• _AVAILABLE DATA_
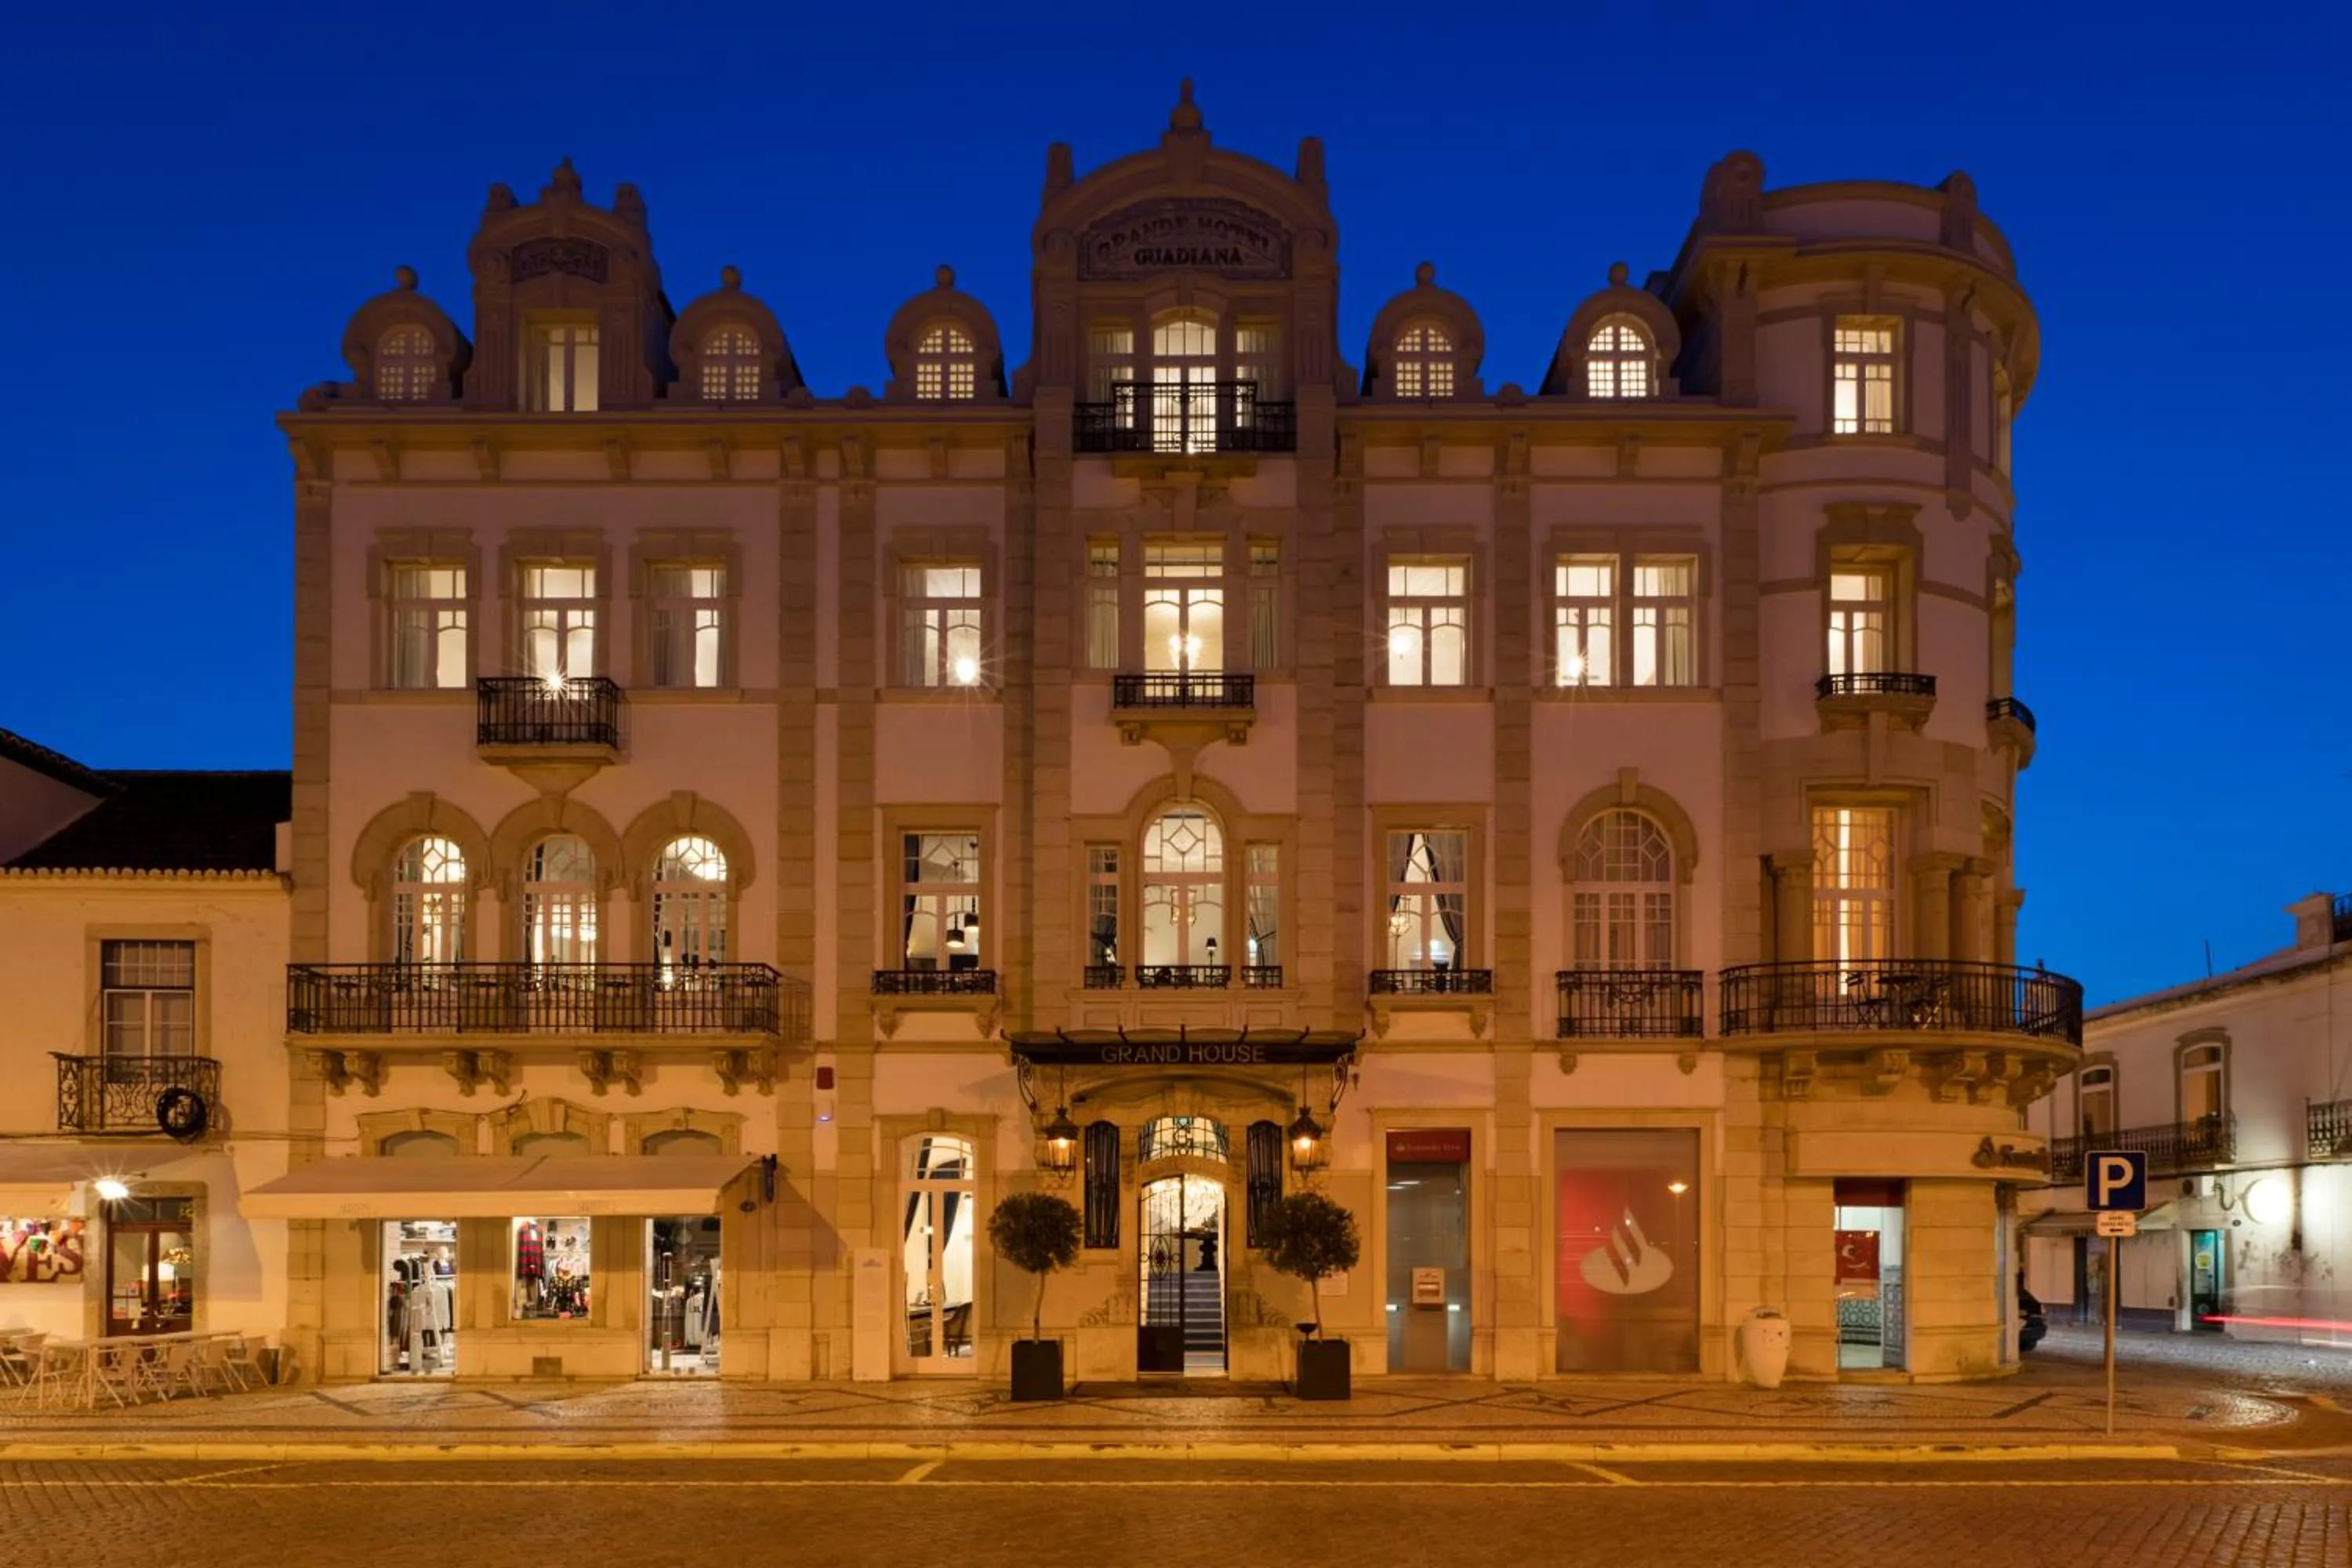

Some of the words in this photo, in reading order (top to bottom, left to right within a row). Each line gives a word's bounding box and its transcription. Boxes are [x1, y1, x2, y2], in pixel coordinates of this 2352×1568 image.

[1097, 215, 1190, 258] GRANDE
[1134, 247, 1243, 265] GUADIANA
[1101, 1044, 1181, 1063] GRAND
[1189, 1044, 1266, 1063] HOUSE
[2099, 1156, 2133, 1207] P

• _DESCRIPTION OF THE TASK_
The answer must repeat every record exactly, with all pictures left out.

• _SOLUTION FOR THIS TASK_
Some of the words in this photo, in reading order (top to bottom, left to right within a row). Each line gives a word's bounding box and its transcription. Boxes are [x1, y1, x2, y2], in pixel coordinates of this 2352×1568 image.

[1097, 215, 1190, 258] GRANDE
[1134, 247, 1243, 265] GUADIANA
[1101, 1044, 1181, 1063] GRAND
[1189, 1044, 1266, 1063] HOUSE
[2099, 1156, 2133, 1207] P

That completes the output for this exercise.